In 1973, Clayton, along with Lawrence Grossman, Professor in Geophysical Sciences and the College, and the late Toshiko Mayeda, Senior Research Associate in the Enrico Fermi Institute, had documented the seemingly odd isotopic composition of CAIs.
They also proposed that the oxygen-16 came from interstellar dust grains. Stars spewed these grains into interstellar space before the birth of the sun and became mixed into the dust cloud that collapsed to form the solar system. “They had such weird isotopic compositions that they had to have formed out of a different nuclear recipe from solar system matter,” Grossman said.
When Urey saw the paper, he sent a letter to Clayton relaying how pleased he was to see the new oxygen isotopic results. “He had hoped something like that would show up,” Clayton said.
In 1934, Urey received the Nobel Prize in chemistry for his discovery of deuterium, a heavy form of hydrogen. That same year, he also co-authored a paper in which he attempted to measure the oxygen isotopes of meteorites that he thought came from outside the solar system.
But the state of mass spectrometry in those days was too primitive to reveal anything interesting, and scientists later realized that meteorites come strictly from within Earth’s own solar system. “It was a wonderful idea, but it was way too soon,” said Clayton, who inherited Urey’s office and laboratory space. “That was the kind of thing that Urey was noted for.”

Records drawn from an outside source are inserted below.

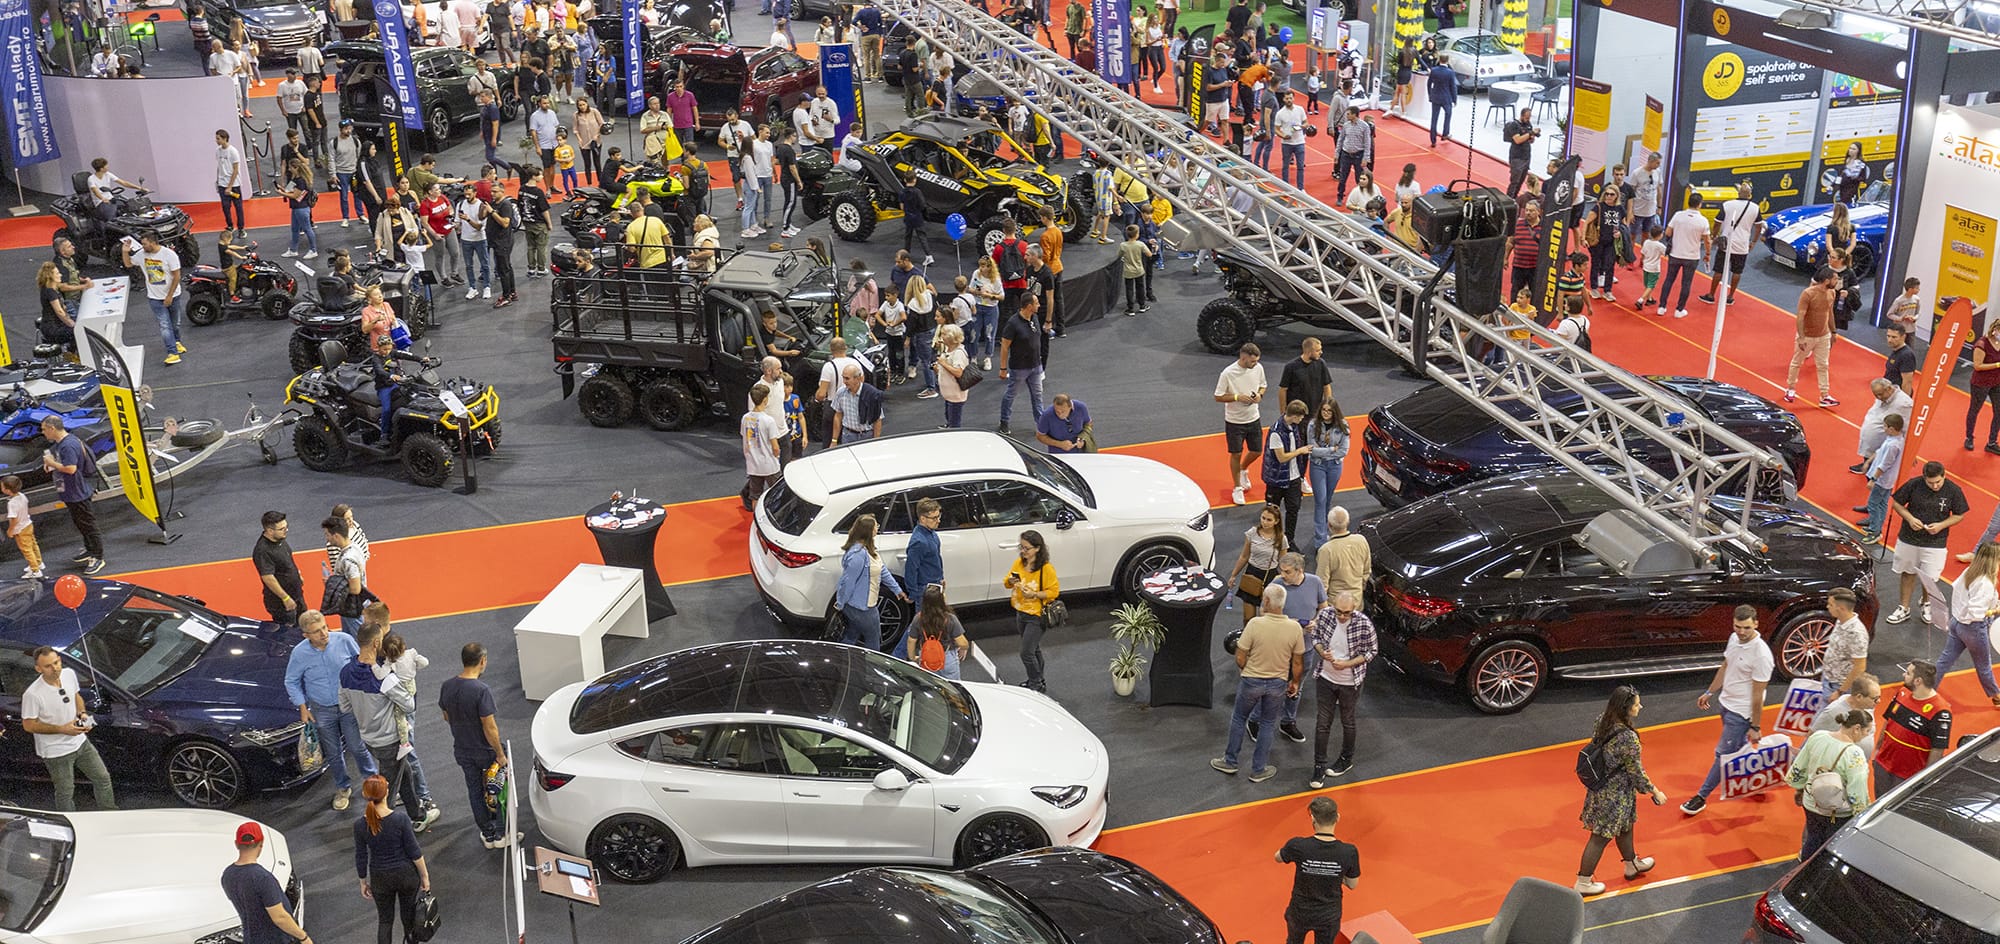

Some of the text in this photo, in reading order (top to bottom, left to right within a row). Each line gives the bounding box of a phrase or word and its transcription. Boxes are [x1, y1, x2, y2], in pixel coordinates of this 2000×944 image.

[0, 9, 28, 21] UBARU
[628, 7, 639, 88] SUBARU
[1714, 62, 1735, 79] JD
[1744, 71, 1806, 86] self service
[1746, 60, 1797, 76] spalatorie
[7, 35, 39, 158] SMT Pallady
[1190, 61, 1203, 126] can-am
[914, 168, 962, 193] can-am
[1958, 216, 1987, 233] atas
[1543, 219, 1564, 313] can-am
[1928, 353, 1948, 399] AUTO
[1945, 321, 1960, 349] BIG
[1789, 690, 1823, 709] LIQ
[1781, 710, 1816, 731] MO
[1727, 744, 1788, 777] LIQUI
[1727, 763, 1788, 797] MOLY

When scientists eventually did discover oxygen-containing interstellar grains in meteorites, their composition differed significantly from the CAIs. Then the Genesis results showed that the composition of the CAIs was nothing special after all. “They had the same composition as the sun. That’s where everything started,” Grossman said.
The Earth is what’s different. “And it’s not just the Earth,” Clayton said. “It’s everything in the inner solar system.”

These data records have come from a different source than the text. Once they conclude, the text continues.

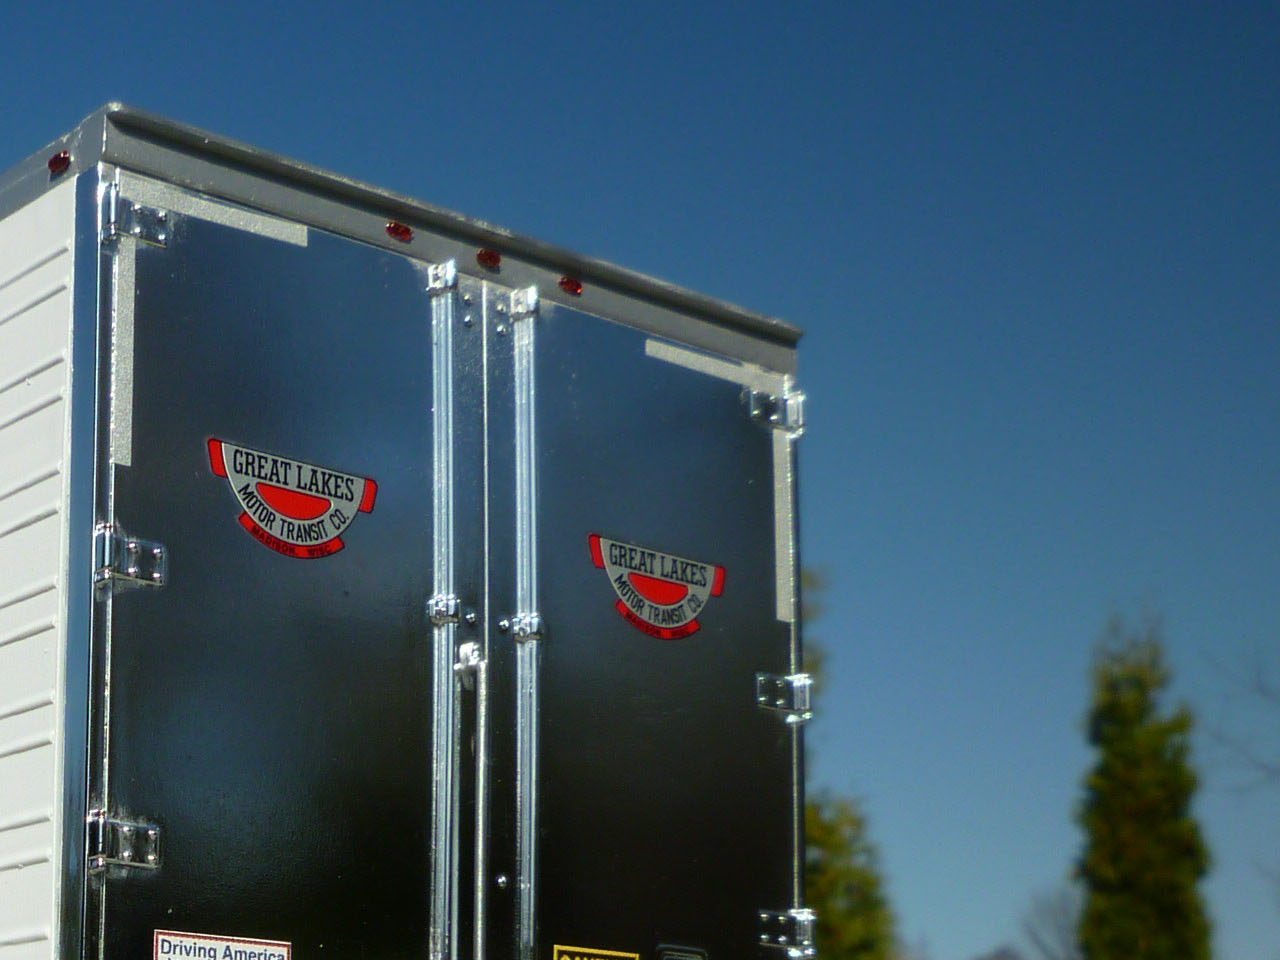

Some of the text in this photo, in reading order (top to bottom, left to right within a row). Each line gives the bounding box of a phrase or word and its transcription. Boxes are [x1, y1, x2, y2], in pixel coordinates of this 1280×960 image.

[233, 449, 354, 502] GREAT LAKES
[238, 483, 350, 543] MOTOR TRANSIT CO.
[609, 543, 707, 587] GREAT LAKES
[614, 573, 645, 616] MOTOR
[648, 604, 687, 625] TRANSIT

Clayton based his 2002 prediction on a process that astronomers have documented in distant, young star systems. In this process, ultraviolet light of a specific frequency from the young, nearby sun is absorbed by the plentiful molecules containing oxygen-16 as it shines through a vast cloud of gas and dust. The rarer molecules containing oxygen-17 and 18, which react to different frequencies, survive in greater numbers.
Clayton applied the process to Earth’s own solar system for the first time. And now he has the gratifying Genesis mission data in hand. “We are now in a much better position to understand the formation of our planetary system, since we now know the composition of the starting materials,” he said.